[BUG] m key hangs terminal after unexpected power loss
I much prefer complicated systems which I can fix myself, even at the cost of some stability. In a recent client project I spent some time emailing logs back and forth with the developers of a proprietary piece of hardware to get acknowledgement that an issue even existed, let alone fixed, without ever being privy to the internal workings that caused the problem in the first place. It’s a frustrating and disempowering experience, particularly for someone used to picking things apart to make them work.
In contrast, though they are very much of my own making, problems on my Linux system aren’t frustrating at all to resolve. I first discovered my peculiar issue trying to open my music player, which failed to start reporting that MPD wasn’t available. Typing in mpd to start it I found an unresponsive terminal, though on starting new instances I was able to run commands starting with other letters. MPD does start with m, could these things be related?
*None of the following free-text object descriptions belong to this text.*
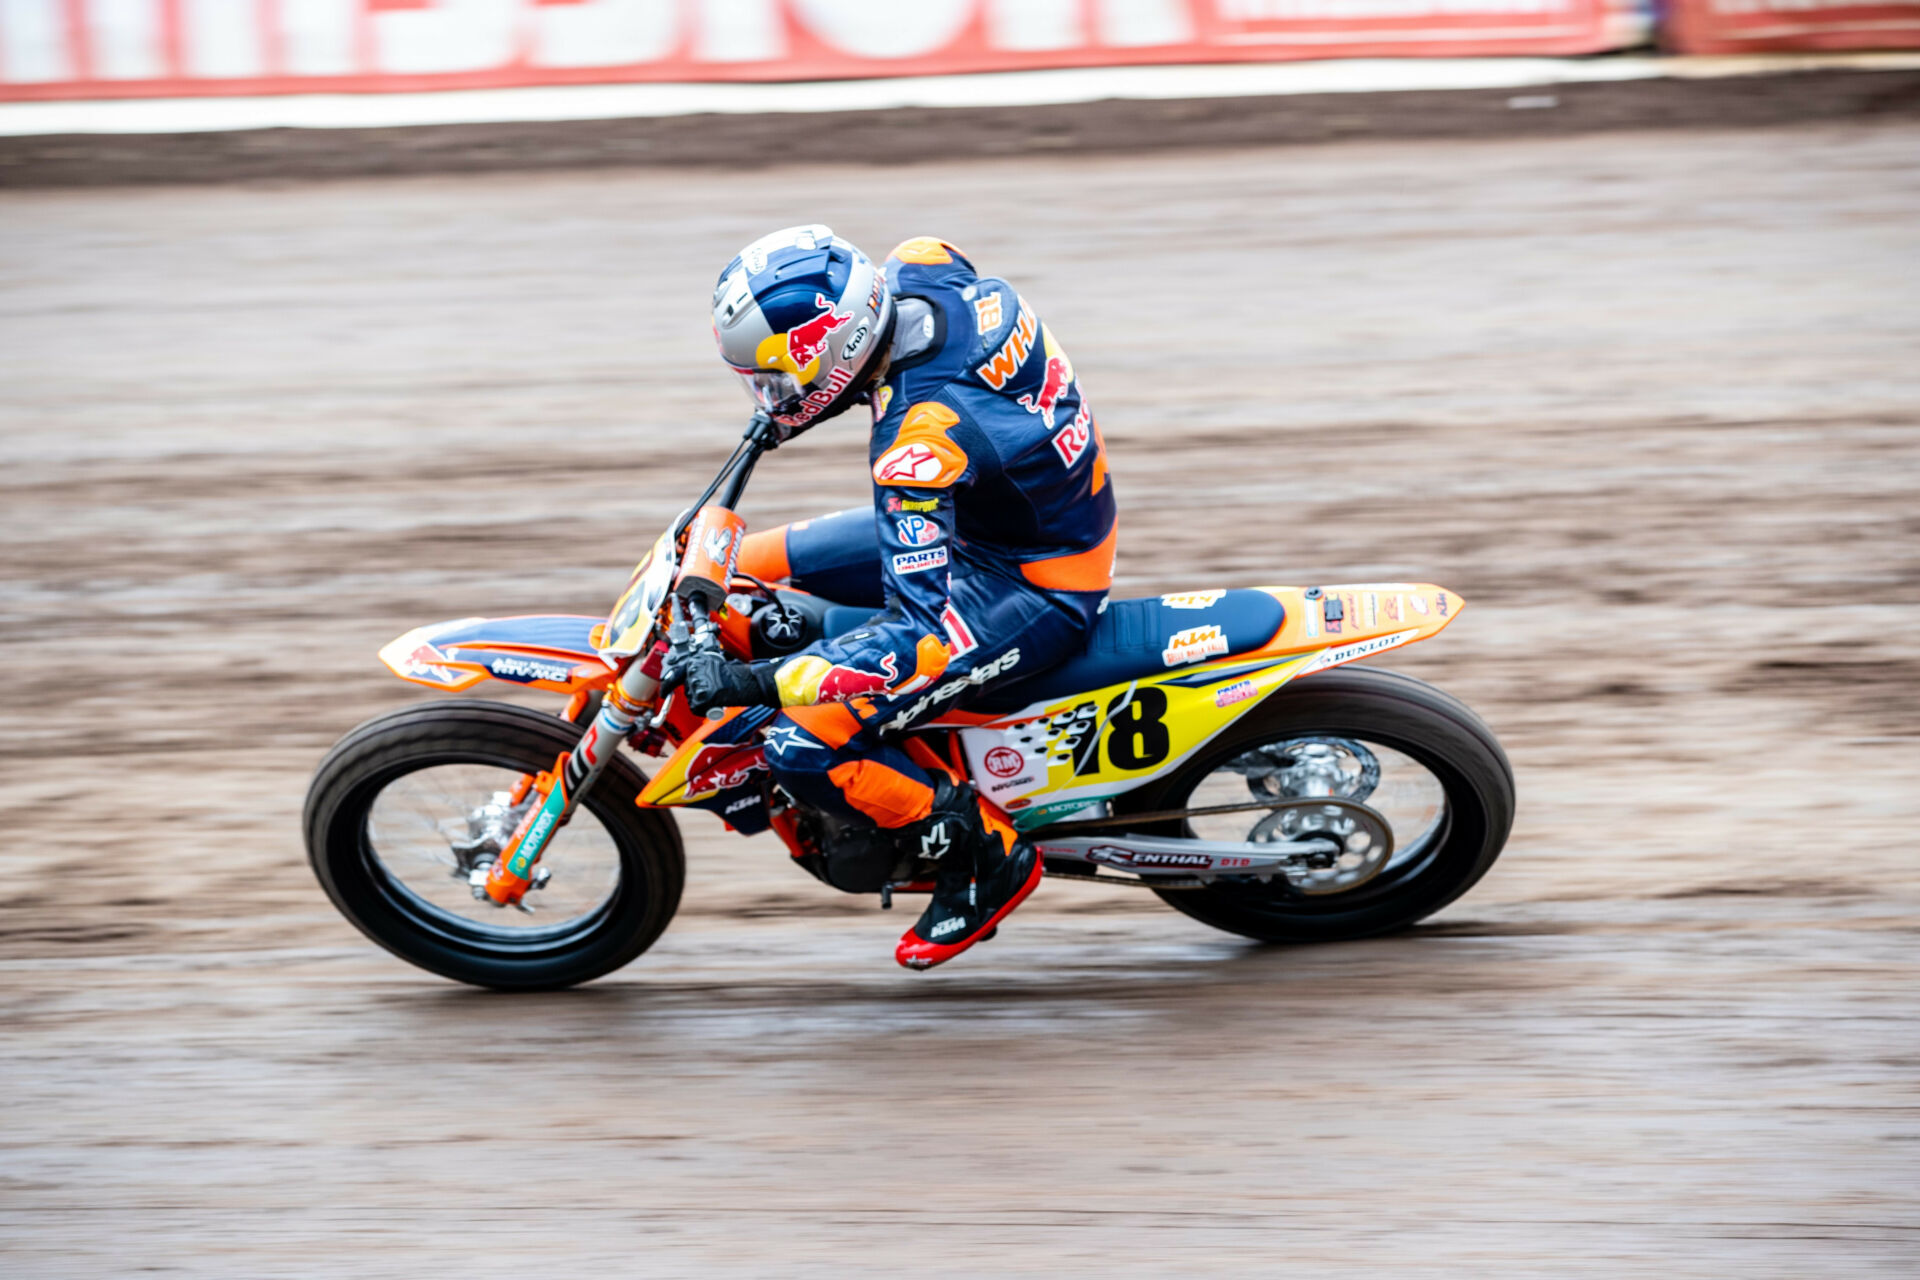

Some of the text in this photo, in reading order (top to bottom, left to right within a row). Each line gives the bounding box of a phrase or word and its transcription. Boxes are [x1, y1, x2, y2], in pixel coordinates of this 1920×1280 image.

[900, 516, 925, 545] VP
[896, 549, 945, 567] PARTS
[1173, 629, 1216, 650] KTM
[1051, 687, 1169, 776] 18
[725, 795, 761, 815] KTM
[930, 916, 966, 938] KTM
A Linux terminal is composed of a few different parts, but the one that handles key inputs is the shell, the specific one I use being the fairly popular Zsh. It’s highly configurable, and sure enough I have highly configured my installation, though said configuration has been more or less stable for years and I try to avoid updating anything if I don’t have to. Nonetheless, launching Zsh without my configuration with zsh -f made the problem go away, so I was on the path to a root cause.
One of the few parts of my system which is allows semi-automatic updates is OMZ, a configuration framework for Zsh. OMZ being the only thing I know to have changed recently made me immediately suspicious of it. It had asked for an update which I allowed after booting yesterday, so I was currently on the first boot post-update; here be demons. And sure enough, toggling off the line that invoked OMZ in my configuration also made the problem go away, so it lay within the wheelhouse of OMZ, rather than Zsh itself.
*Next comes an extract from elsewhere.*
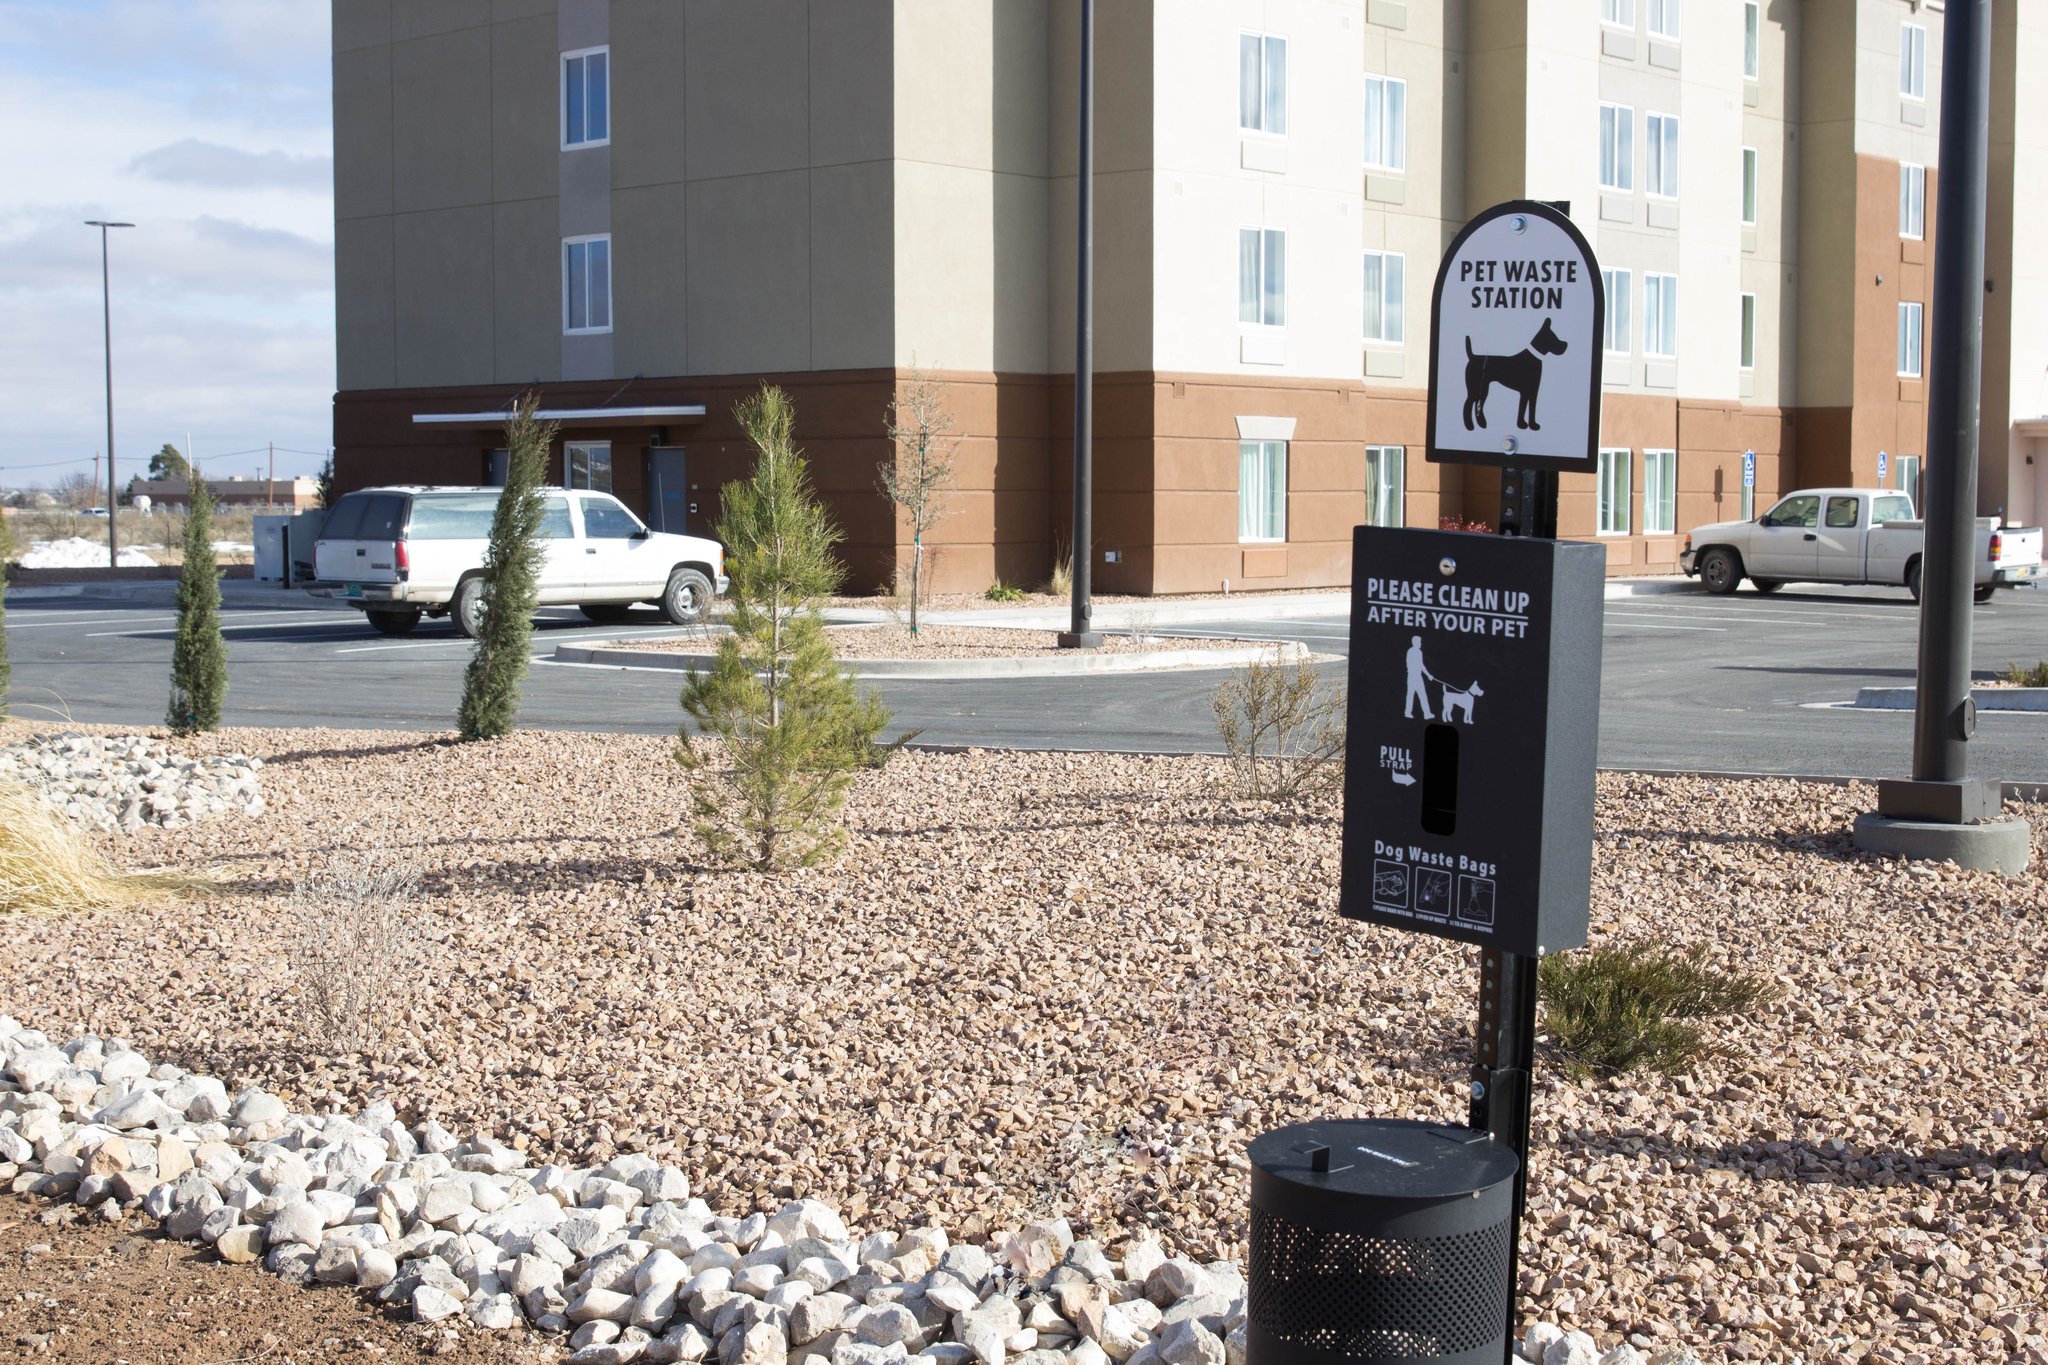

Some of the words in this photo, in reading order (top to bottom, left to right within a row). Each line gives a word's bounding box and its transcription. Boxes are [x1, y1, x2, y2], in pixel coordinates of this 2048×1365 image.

I skimmed the project’s GitHub issues, but nothing reported in the ppast few weeks looked similar to my experience, so given the framework’s popularity it seemed improbable that I was looking at an OMZ bug, despite the deplorable automatic updates. And the MPD failure looked more like a smoking gun than a red herring, it was much more likely that something had gone awry locally than upstream, so I switched tack.
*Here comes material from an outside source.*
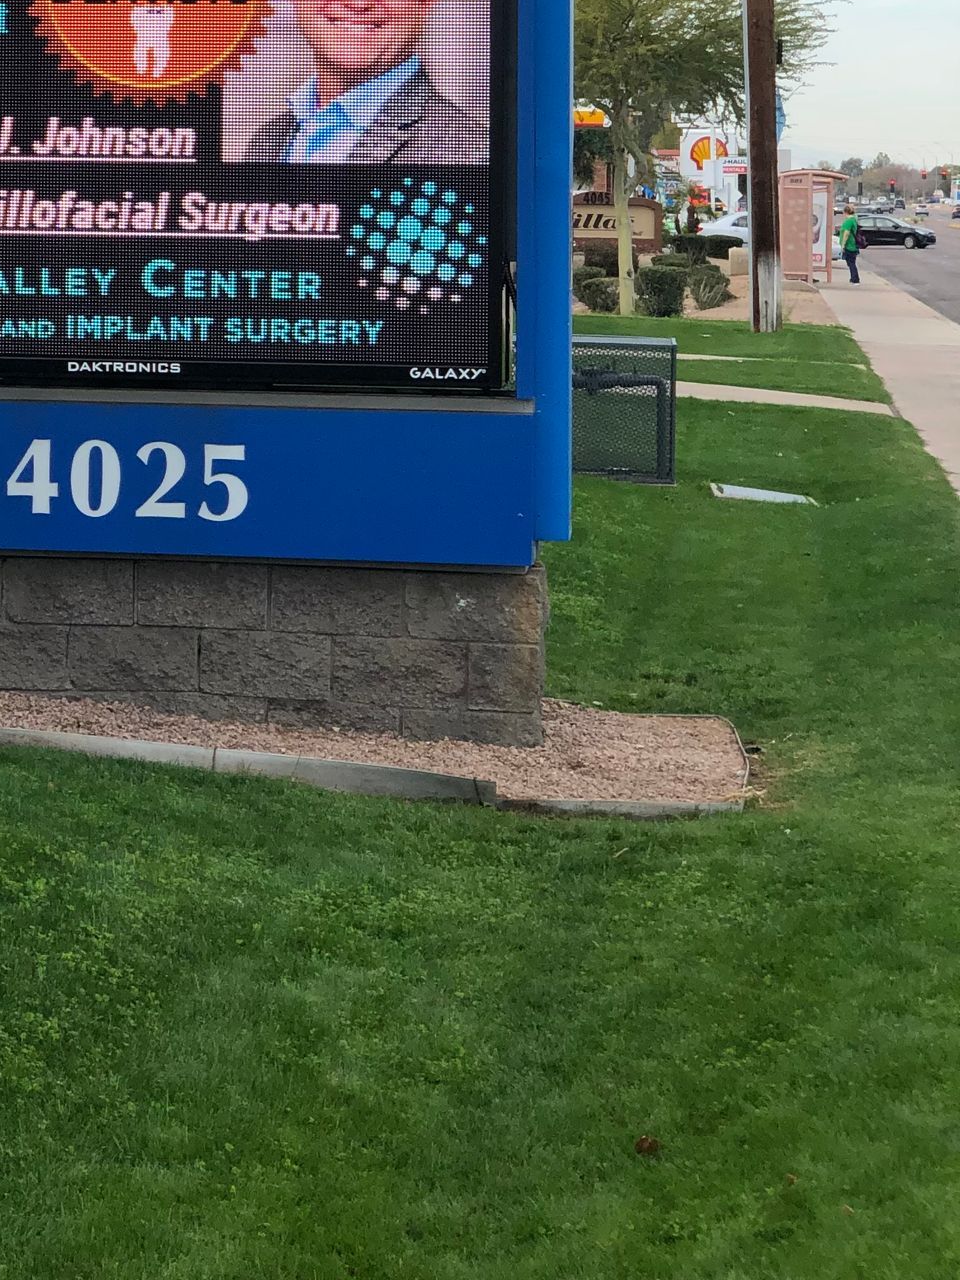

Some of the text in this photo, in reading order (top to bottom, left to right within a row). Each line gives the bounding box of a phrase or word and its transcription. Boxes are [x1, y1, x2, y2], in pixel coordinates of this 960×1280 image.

Since I could type m and therefore launch MPD in a config-less shell, I tried just that and was told the music folder /nas/Music was unavailable. Network trouble, I’ve had this before! My music collection lives on a NAS, but this was powered on. Indeed, I had used it on foobar2k minutes before on the other side of the dual boot. So the NAS is up and the network is working, it’s just that MPD can’t see it.
The solution was coming into view, though I didn’t have all the pieces yet. In testing a slightly dodgy electrical appliance a few hours prior my housemate had tripped the fusebox, shutting down anything without a battery - including the network’s router - instantly. As things rebooted and came back online, some IPs addresses got shuffled around, making my /etc/hosts file out of date. Finding the NAS again nmap -sn "192.168.0.*" and updating thte hosts file meant I could start MPD again, and sure enough I could type m into Zsh once more.
The m, as it turned out, was not from MPD but from music - specifically, the ~/music symlink I had made after doing some internal organisation of my music folder. This explained why I hadn’t encountered the problem in previous network outages. There is probably a way to make that more robust, but now that it’s working again I’ve no motivation to try. Thus, my spinning-plates operating system, despite my best efforts, continues to be an abundant source of weird and wonderful surprises.
I don’t claim to be any good at Linux or computers generally, and this is a class of problem that I can’t imagine encountering on Windows, wherein the equivalent network setup is much more resilient (how do I update the address /etc/hosts automatically if it changes? Probably scripting nmap?). However, resolving my dodgy m-key problem was silly, fun and took about 15 minutes from end-to-end. Emailing logs to remote developers took weeks, and I still don’t know what the problem actually was, despite working with the technology to make my living. I don’t like trying to fix problems at a distance and I’m suspicious of any software I can’t look inside of - my processor, my rules. So, looking to the future, I’m doing my best to train for and seek work that doesn’t carry the risk of such closed technology. It’s maybe a little idealistic, but I’d like to hope for a sillier, more open future all the same.